The Deutsch limit, although targetting a very esoteric domain of visual programming, can help in understanding the limits of visual elements in presenting complex narratives. When an end-user navigates their way through a user interface, the story that their mind creates from the artifacts presented to them is a function of their ability to “hold” each _chunk_ of visual information in their working memory. The ability of the interface to “show” these connections on the screen does not necessarily aid the user’s cognition. This is especially true for problem domains where each visual node andor each connecting edge expects the user to cache some metadata (or a meta-cognitive theme), not directly (and very evidently) presented by the visual elements. For instance, 2 images connected to each other via a _relationship_ might seem like a simple construct but, the information density of an image can be quite high. Connecting (and presenting on the same screen) each new visual elements adds complexity to the narrative that certainly makes the interaction _entertaining_ and _engaging_ but, fails to create lasting memories. A complex arrangement of UI elements could look like a work of art but, its utility is questionable.

Testing for complexity

If you are convinced that complicated systems are ineffective, testing for complexity becomes an important design goal. There are well-defined methods of testing code complexity. The code base can be easily tested for cyclomatic complexity with a number of automated testing and code quality tools. Several type systems enable code production that has low complexity due to the composability they provide. Algorithms can be tested for space and time complexity which is a way to talk about the “cognitive abilities” and “working memory” of a machine!

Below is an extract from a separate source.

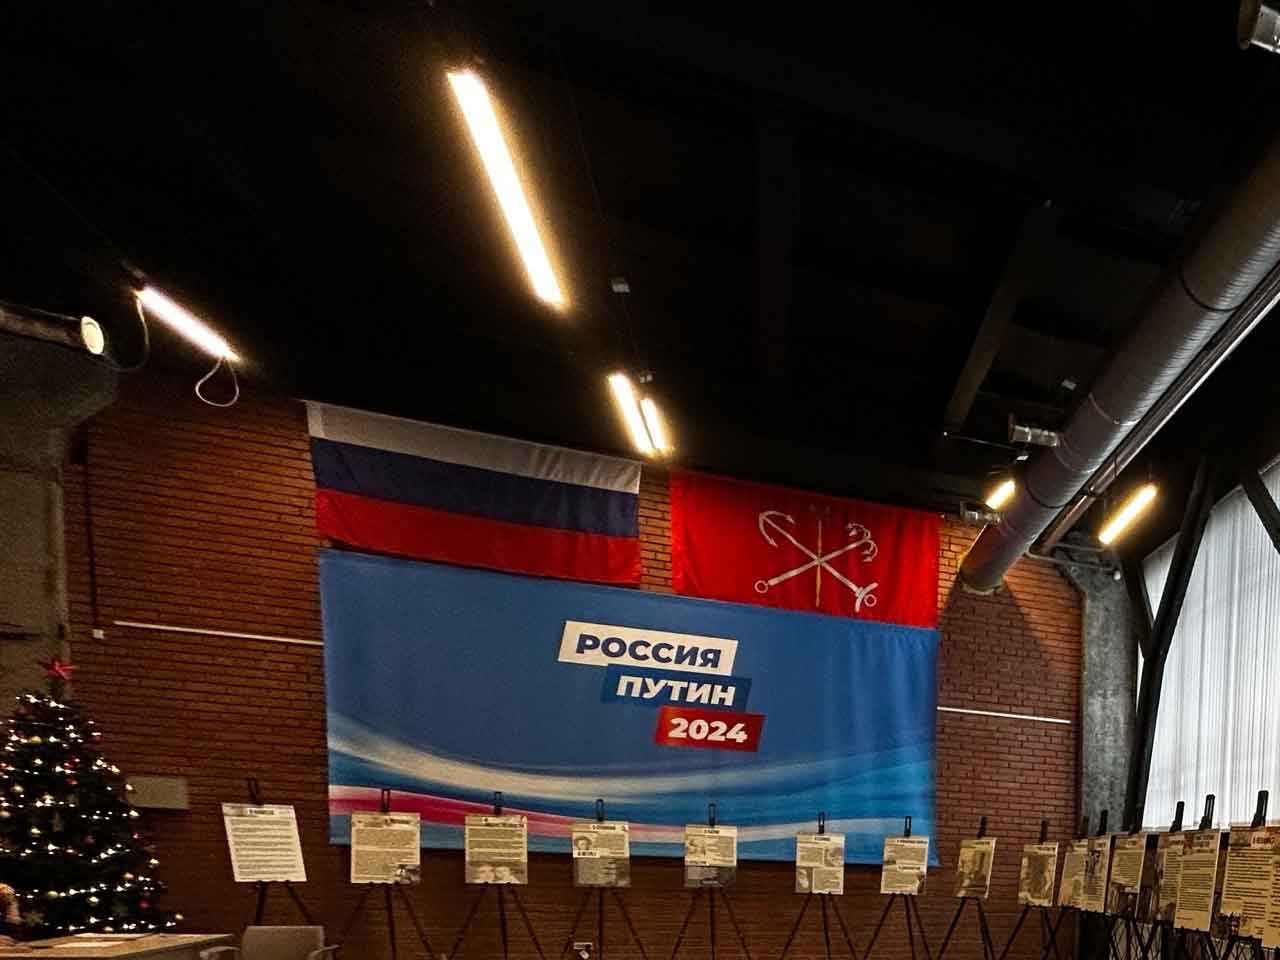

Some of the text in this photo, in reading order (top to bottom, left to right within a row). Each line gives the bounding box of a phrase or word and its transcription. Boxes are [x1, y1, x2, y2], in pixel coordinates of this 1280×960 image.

[575, 633, 722, 669] РОССИЯ
[616, 675, 736, 707] ПУТИН
[667, 717, 748, 743] 2024

But, testing complexity in user interfaces can be hard! There are several reasons for this: 1. Designers and developers look at the same screens and interactions everyday! They can easily fail to see that the solution is already too complex for a first-time user who is not exposed to the ubiquitous language of the domainproject (needed for chunking ideas) and is looking at something completely new. Borrowing industry accepted (popular) UI components can avoid this problem for an interface which is not _pathbraking_. 2. It is difficult to _evolve_ an interface, progressively, with the expanding familiarity of the user interacting with it. Some typical dashboards allow the user to re-arrange the components to suit their needs but, they are nothing more than a caching strategy. How can the system _learn_ that the user can be presented with a more complex screen than the one they saw on their earlier visit? 3. If the goal is not to distract the user or to keep them trapped in a notification dopamine loop, how does one gauge the effectiveness of the UI? Was the UI able to generate value for the user? Did it make them think? Did it empower their thought process? Did it bring new ideas into their cognitive fold?

A few aspects of the testing strategy are obvious from the above discussion: - AB test the UI. - Create several different treatement groups. - Design surveys that target user understanding of the presented material not conversion or screen time.